**TASK STATEMENT**
What is needed is an exact repeat of the lines from the one holding "this 1536×1365 image." through the final line of the data, with no pictures.
>>>>>
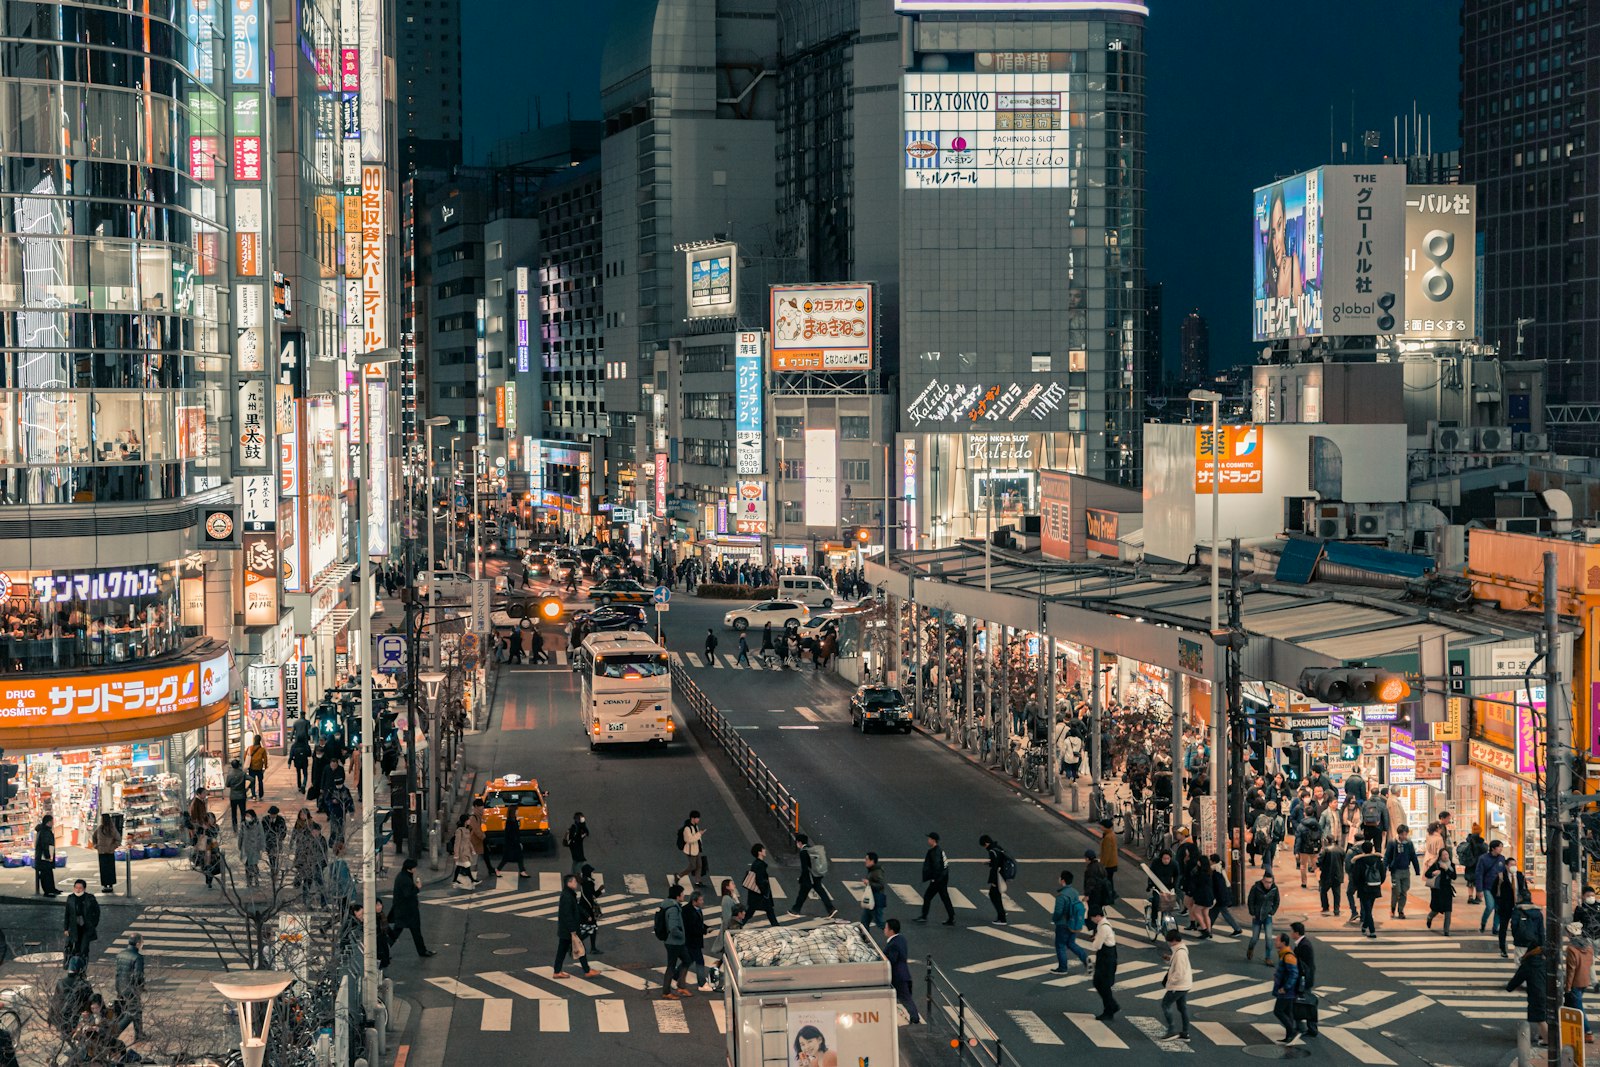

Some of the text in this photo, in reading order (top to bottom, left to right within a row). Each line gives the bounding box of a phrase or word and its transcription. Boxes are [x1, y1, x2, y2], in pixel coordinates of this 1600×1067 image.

[946, 93, 989, 111] TOKYO
[243, 139, 258, 179] 美容室
[986, 147, 1064, 167] Kaleido
[931, 171, 978, 184] ルノアール
[1353, 174, 1377, 183] THE
[1356, 187, 1373, 293] グローバル社
[814, 299, 854, 311] カラオケ
[1333, 302, 1374, 322] global
[741, 334, 756, 342] ED
[803, 318, 866, 340] まねきねこ
[740, 345, 757, 354] 薄毛
[740, 366, 749, 421] クリニック
[749, 361, 758, 427] ユナイテッド
[910, 383, 950, 426] Kaleido
[245, 393, 262, 459] 九州黒太鼓
[968, 444, 1032, 459] Kaleido
[1201, 431, 1225, 455] 薬
[749, 522, 764, 532] すぐ
[1042, 500, 1069, 543] 大黒屋
[6, 690, 36, 699] DRUG
[17, 699, 24, 707] &
[49, 676, 178, 716] サンドラッグ
[1364, 738, 1374, 749] 5
[1416, 762, 1426, 773] 5
[836, 1011, 879, 1024] KRIN
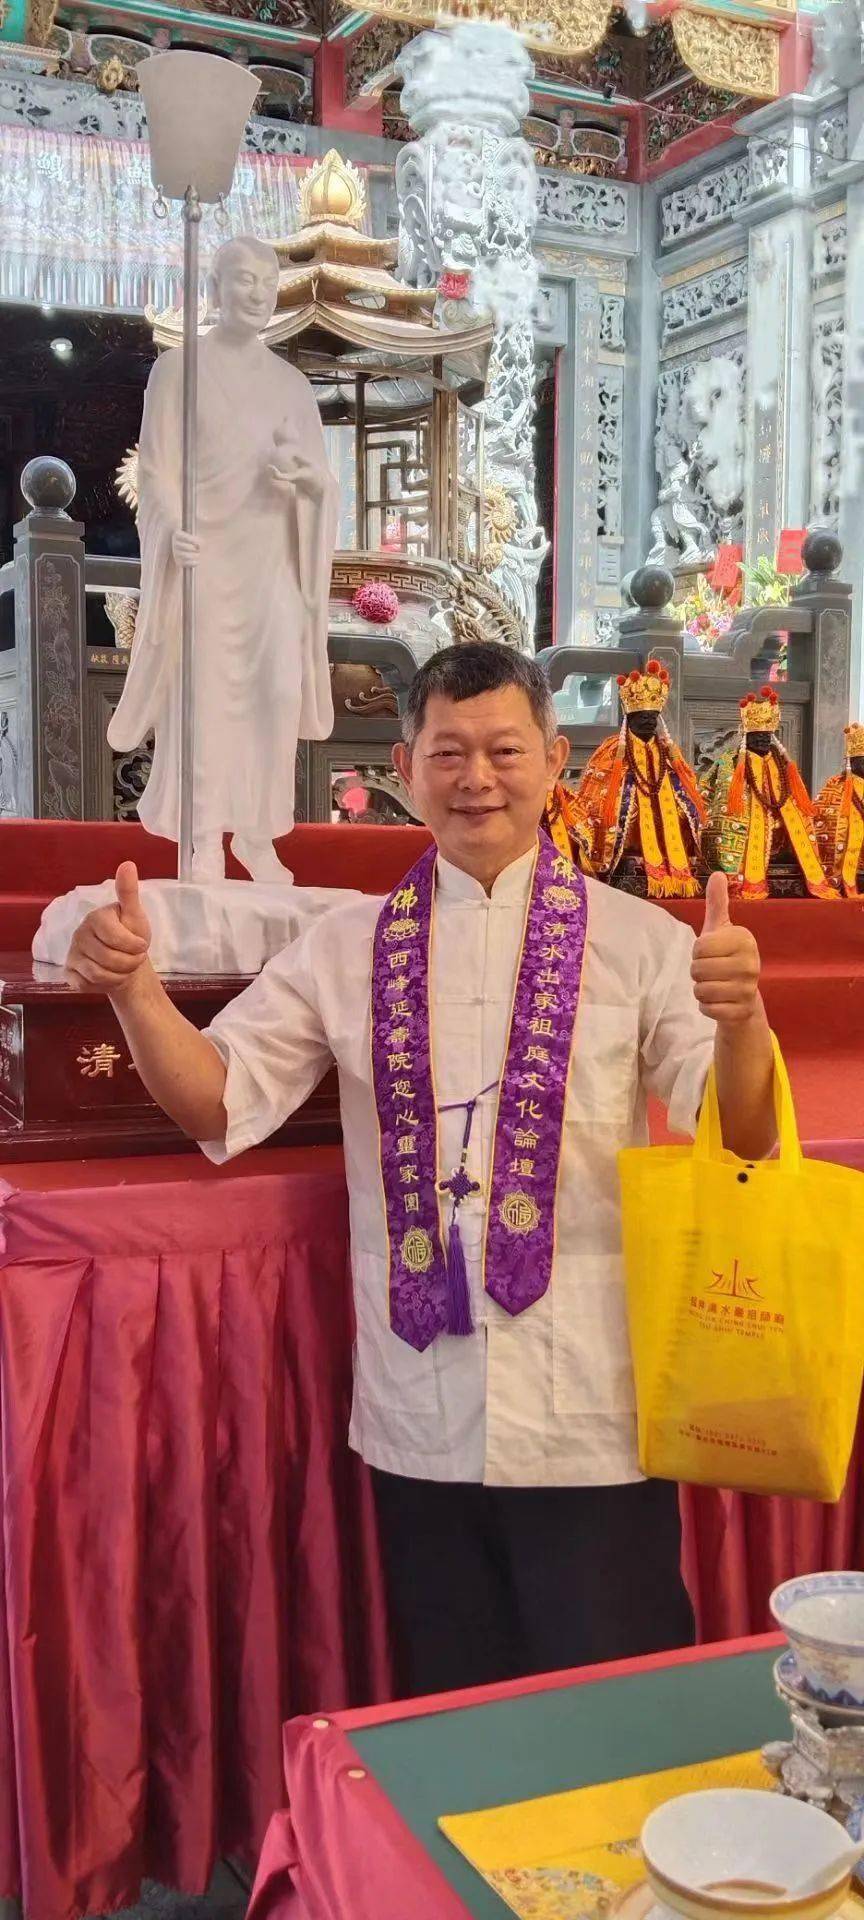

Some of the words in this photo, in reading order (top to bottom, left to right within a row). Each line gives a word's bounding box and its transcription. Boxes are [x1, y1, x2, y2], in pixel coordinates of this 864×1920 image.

[551, 856, 578, 887] 佛
[390, 883, 419, 917] 佛
[77, 1044, 136, 1078] 清
[508, 921, 568, 1178] 清水出家祖庭文化論壇
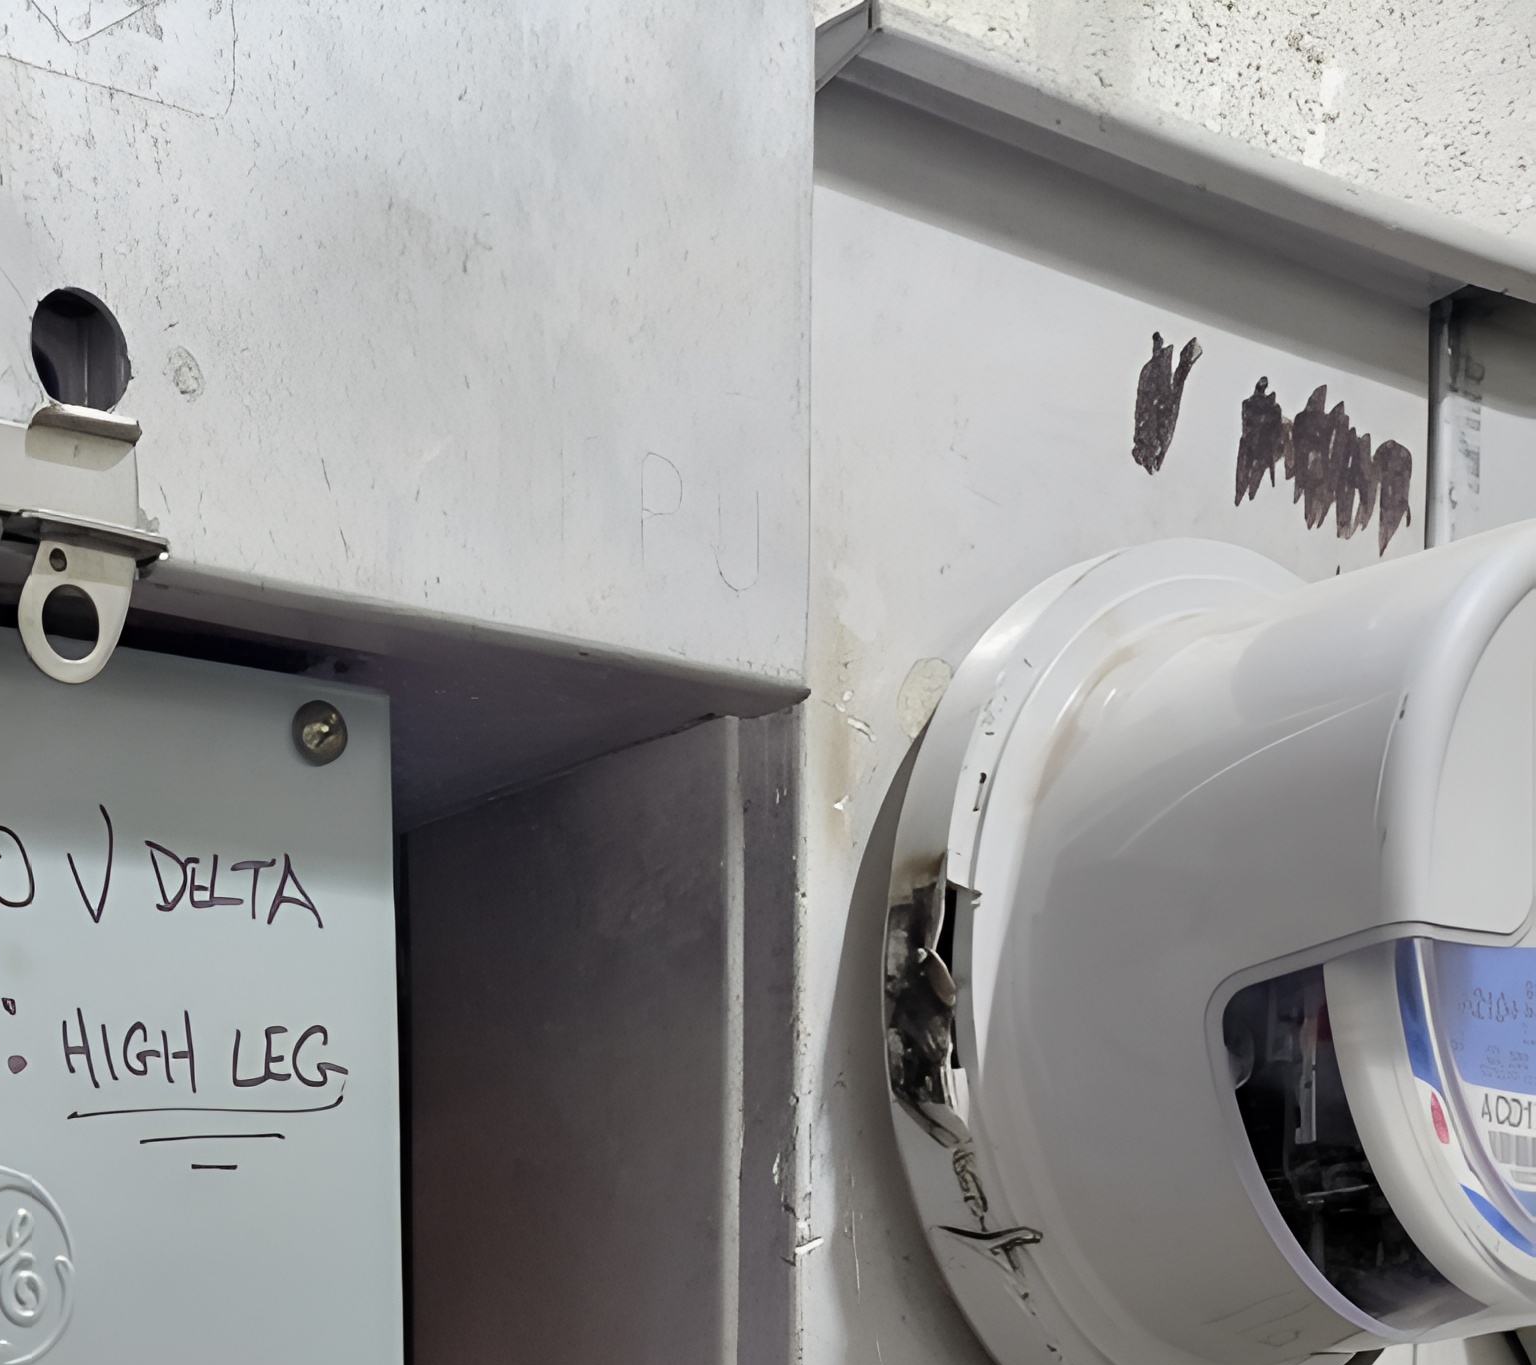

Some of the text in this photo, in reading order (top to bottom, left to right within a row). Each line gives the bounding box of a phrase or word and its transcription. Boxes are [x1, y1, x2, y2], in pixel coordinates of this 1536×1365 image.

[67, 804, 114, 924] V
[145, 840, 326, 929] DELTA
[62, 1008, 198, 1093] HIGH
[231, 1024, 350, 1089] LEG
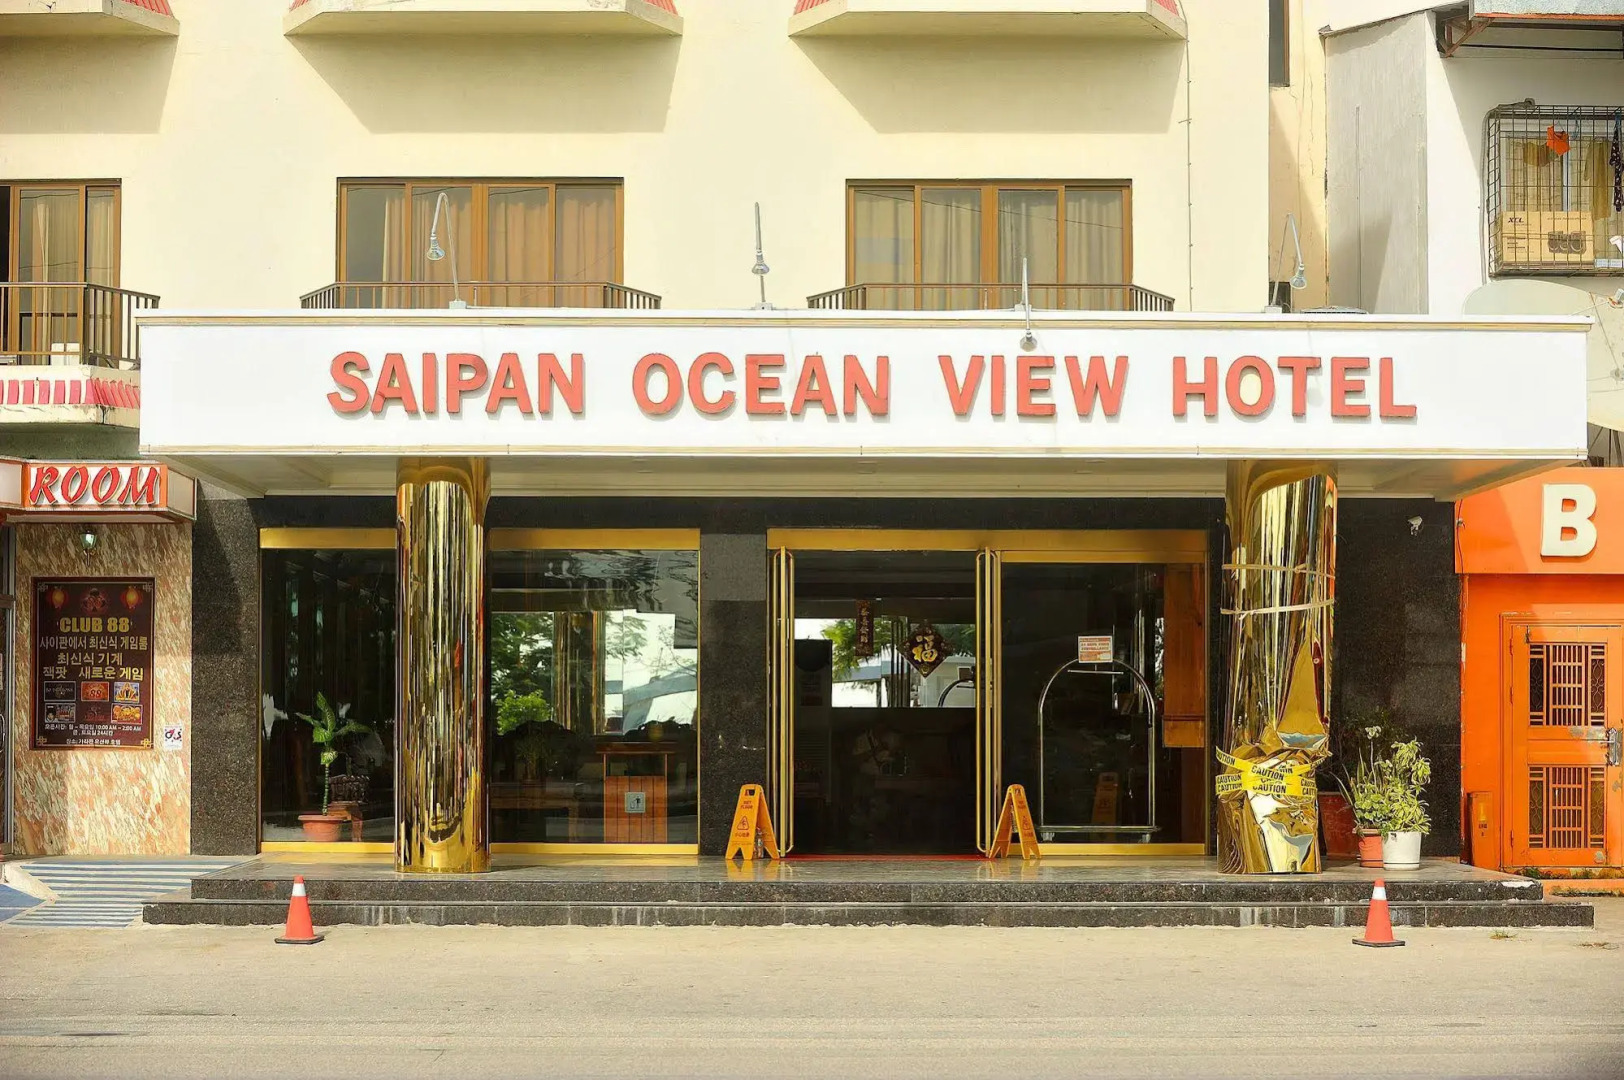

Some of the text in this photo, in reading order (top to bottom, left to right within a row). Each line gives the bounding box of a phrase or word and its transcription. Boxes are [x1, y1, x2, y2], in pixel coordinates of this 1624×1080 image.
<<<<<
**SOLUTION TO THE EXERCISE**
Some of the text in this photo, in reading order (top to bottom, left to right within a row). Each line gives the bounding box of a phrase or word and its transcription. Boxes are [x1, y1, x2, y2], in pixel coordinates of this 1536×1365 image.

[67, 804, 114, 924] V
[145, 840, 326, 929] DELTA
[62, 1008, 198, 1093] HIGH
[231, 1024, 350, 1089] LEG

Some of the text in this photo, in reading order (top to bottom, left to right within a row). Each line gives the bounding box of a phrase or word and its transcription. Boxes are [x1, y1, x2, y2], in pixel coordinates of this 1624×1080 image.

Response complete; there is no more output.